Agencies are testing an assortment of smartphones and tablet computers to improve how their workforces meet their missions. But there still are questions about the...
wfedstaff | June 3, 2015 3:26 pm
By Max Cacas
Reporter
Federal News Radio
In the coming year, agencies should expect to see an explosion in mobile computing devices, and software applications, or apps that run on them. That’s just as true in the government as it is in industry.
Right now Apple’s iPad is the mobile device of choice for the cutting-edge fed. But other companies are getting on the bandwagon. Sometime early next year, Research in Motion, the Canadian company that made the BlackBerry, will be rolling out the BlackBerry Playbook, a tablet that will work in conjunction with the BlackBerry PDA. Just last month, Samsung unveiled the Galaxy, a tablet sized device running the Android operating system from Google.
Jerry Rhoads, with the Department of Homeland Security’s CIO office, Technology and Insertion Planning Branch, has what some might consider a “fun” job: taking the latest “must have” mobile devices, and anticipating, and planning for, demand for them among feds at his agency.
“We get the toys, the iPhones, the BlackBerrys, the Android Xs, the Galaxy tablet, anything that’s coming down the pike. We bring it in, because inevitably, someone’s going to see it, and say, ‘Hey, I want one of these!’,” he said during a panel discussion on mobile apps in Washington Wednesday sponsored by IAC/ACT.
Clutching his very own federally-issue iPad, Rhoads said he wants to be an enabler of mobile technology especially if it can help someone do their job.
Rhoads said he doesn’t want employees to buy one of the new devices and put it on the network without his office evaluating it first.
“What we want to do is be proactive and actually look at the technology, so that when someone sees it on the plane…we’ve already got the technology insertion paperwork in the pipe, and we’re ready to service,” he said.
Another fed who has mobile on his mind is Rick Holgate, chief information officer with the Justice Department’s Bureau of Alcohol, Tobacco, Firearms and Explosives.
He said in an interview with Federal News Radio that in his agency, mobile devices fit perfectly with a staff that is very mobile.
“Most of what they do is outside the office,” he said. “What we’re looking to do is make that time outside the office as productive as possible.”
Mobile becomes especially important for an agency like his where telework is the norm rather than the exception, Holgate said.

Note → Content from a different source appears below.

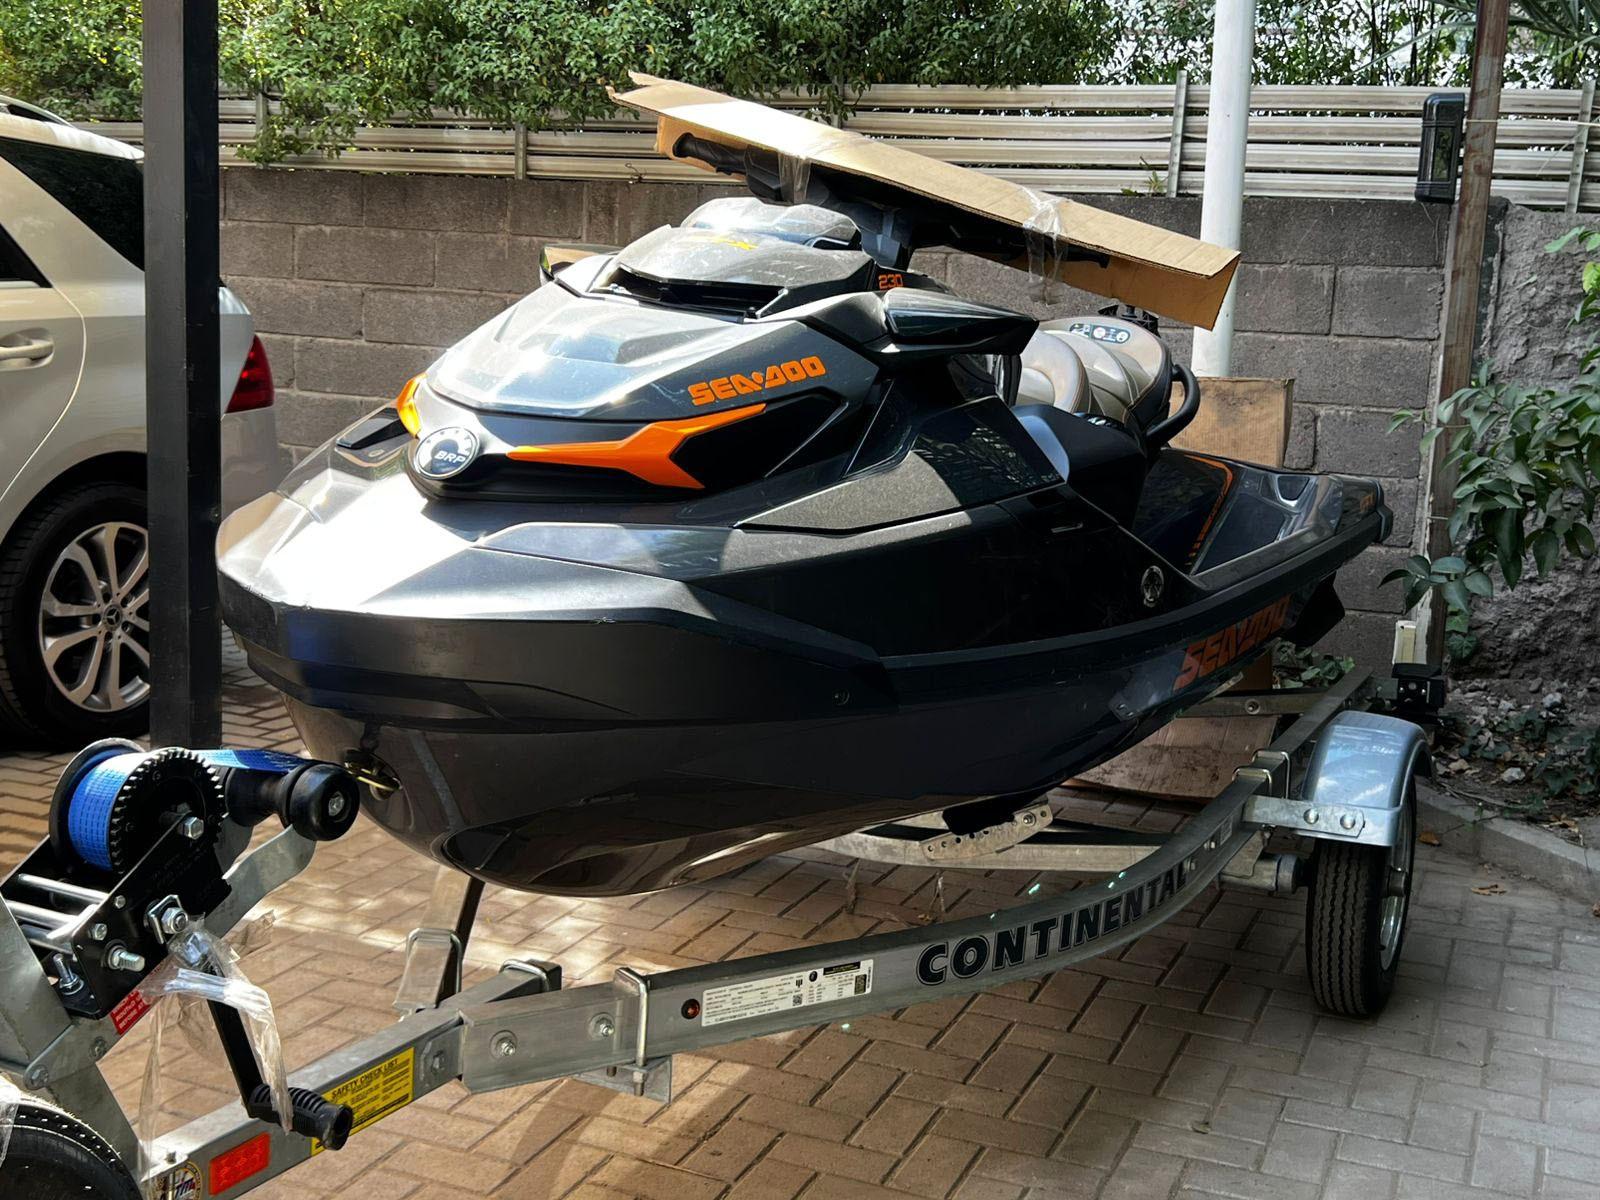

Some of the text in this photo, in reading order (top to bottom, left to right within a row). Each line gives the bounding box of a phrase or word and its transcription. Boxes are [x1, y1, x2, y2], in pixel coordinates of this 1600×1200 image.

[879, 274, 904, 290] 230
[434, 450, 467, 463] BRP
[916, 858, 1189, 986] CONTINENTAL
[332, 1078, 360, 1099] SAFETY

“Particularly for our industry operations investigators who regulate the firearms and explosives industry,” he said. “They spend virtually all of their time outside the office working with their industry partners. So they are essentially on one hundred percent telework, so right there, that’s about 40 percent of our workforce. Combine that with our special agents, who spend a lot of time outside of the office, we have as much as 80 percent of our workforce that are either telework eligible or who actively telework on a regular basis.”

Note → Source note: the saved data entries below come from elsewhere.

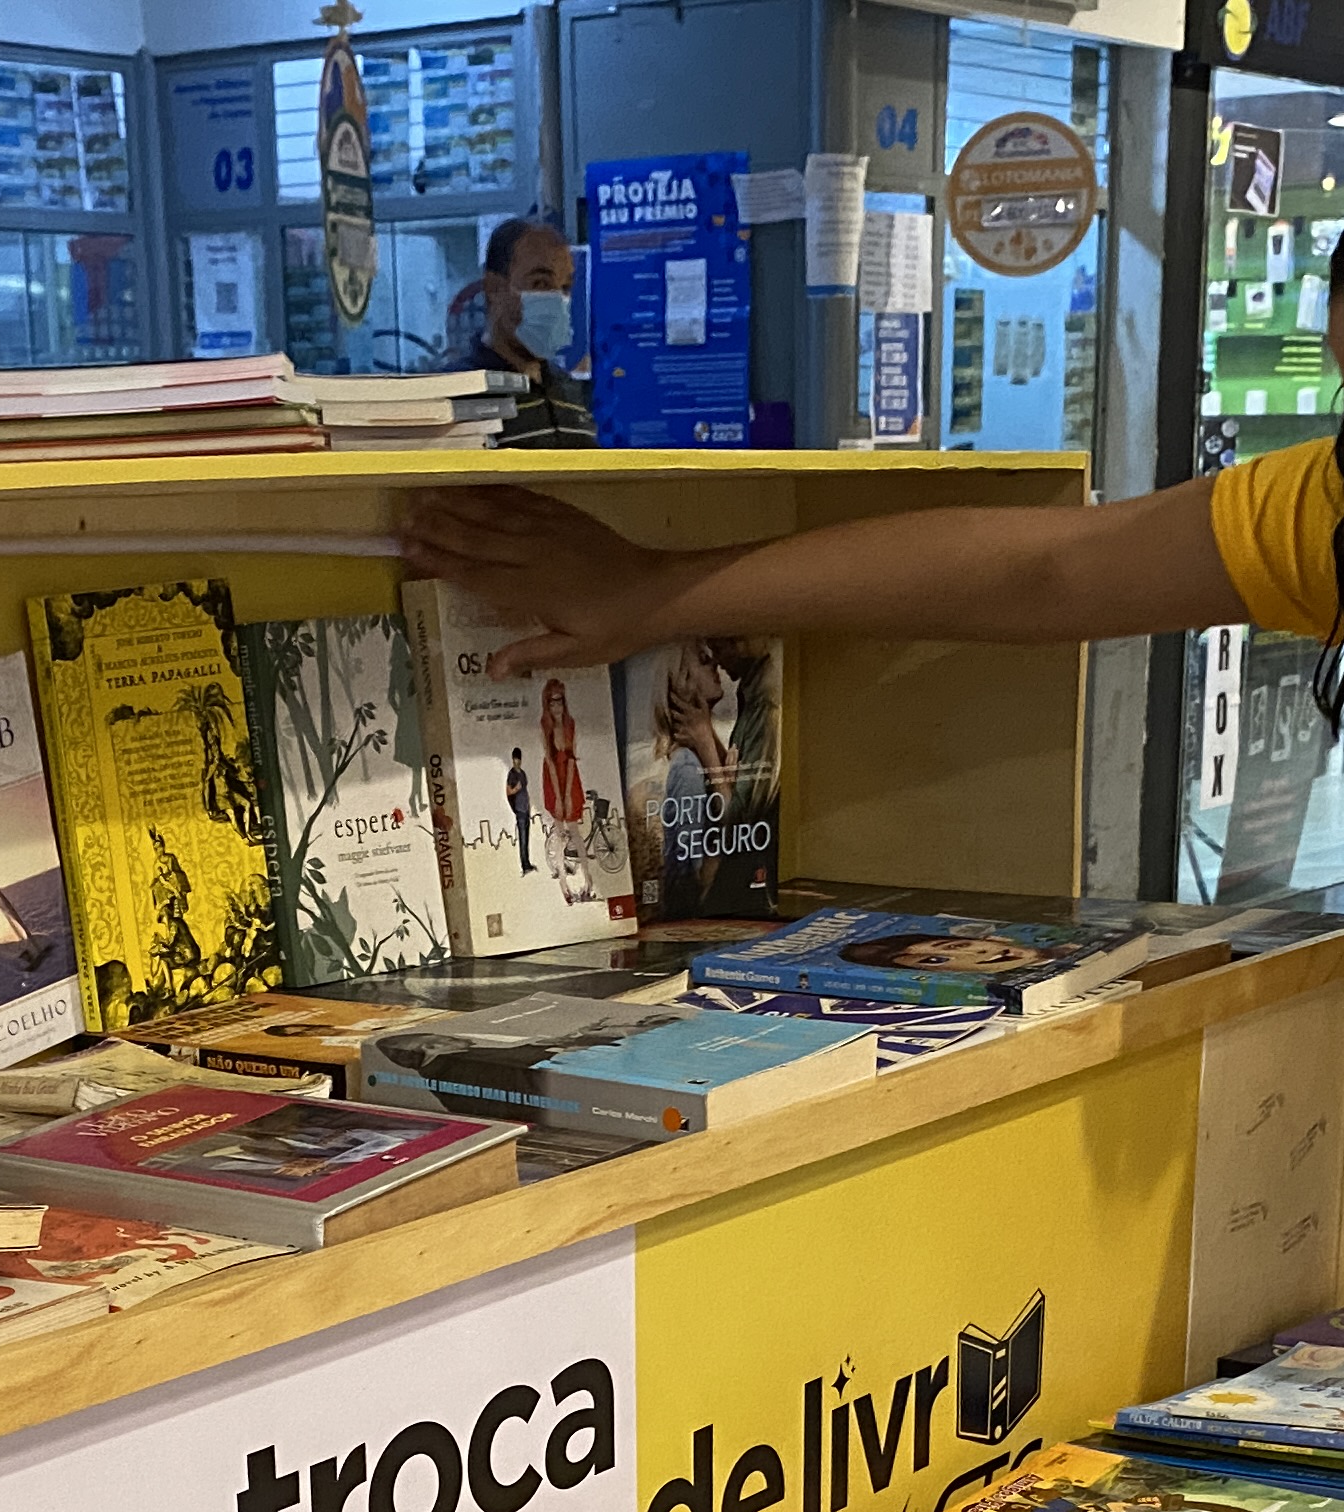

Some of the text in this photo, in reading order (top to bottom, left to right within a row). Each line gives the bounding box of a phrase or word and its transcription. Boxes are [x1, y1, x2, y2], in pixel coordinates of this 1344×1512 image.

[876, 105, 919, 150] 04
[214, 147, 254, 192] 03
[105, 662, 223, 691] TERRA PAPAGALLI
[457, 653, 482, 676] OS
[429, 754, 444, 779] OS
[645, 791, 725, 830] PORTO
[332, 807, 401, 843] espera
[676, 821, 771, 862] SEGURO
[260, 814, 284, 899] espera
[337, 848, 366, 868] maggie
[746, 972, 781, 985] Games
[206, 1055, 233, 1071] NÃO
[591, 1105, 623, 1121] Carlos
[111, 1275, 143, 1292] novel

Aside from the “coolness” factor, mobile devices such as the iPad provide endless opportunities to enhance productivity, whether it’s allowing the user to catch-up on the secretary’s latest speech by video, or taking in a feature-rich presentation deck.
Sonny Bhagowalia, the deputy associate administrator in the General Services Administration’s Office of Citizen Services and Innovative Technologies, said the bottom line when it comes to mobile devices and apps is that “convenience will outweigh the risk.”
ICE’s Rhoads said safeguarding against that risk includes traveling down the road of federal certification of what is currently the most popular mobile operating system.
“Right now, the iPad is going through the National Institute of Standards and Technology certification for FIPS 140-2 compliance,” he said. “That will make the actual (Apple) iOS4 (operating system), and hardware secure. The applications themselves will [go through] another accreditation process. We’re in the process of trying to figure out, ‘will the current process work, or will we have to modify it?’ This stuff is so cutting edge, we’re really learning as we go.”
In a similar vein, ATF’s Holgate said their development work with the iPad required clearance from his IT bosses at the Justice.
“What we worked with DoJ on was to get their acknowledgement and approval of the fact that we’re going to use some tools that don’t meet the normal security requirements for mobile platforms, but knowing that we’re doing this in a limited capacity and using some third party capabilities to give us some compensating controls on the devices,” Holgate said.
Holgate added that Justice has given ATF permission to experiment with the iPad for the next 14 months.
GSA’s Bhagowalia hinted that in the next few months, his agency is considering a contest or two on Challenge.gov to encourage development of the next mobile federal app, similar to the Agriculture Department’s successful Apps for Healthy Kids competition which concluded recently.
Asked to spec out his ideal mobile platform, Holgate said he might recommend for his industry investigators, who do a lot of report writing, “a much richer platform, like a tablet or a pad of some sort,” whereas one of their special agents might be given something more akin to a smartphone, like a BlackBerry or iPhone, because they are “much more mobile, and less likely to do an intensive transaction on the platform.”
Rhoads said that for his part, he wants a flexible mobile platform, something that would support applications written in an open standard, platforms that provide value to the government, and meet federal performance standards for security and productivity.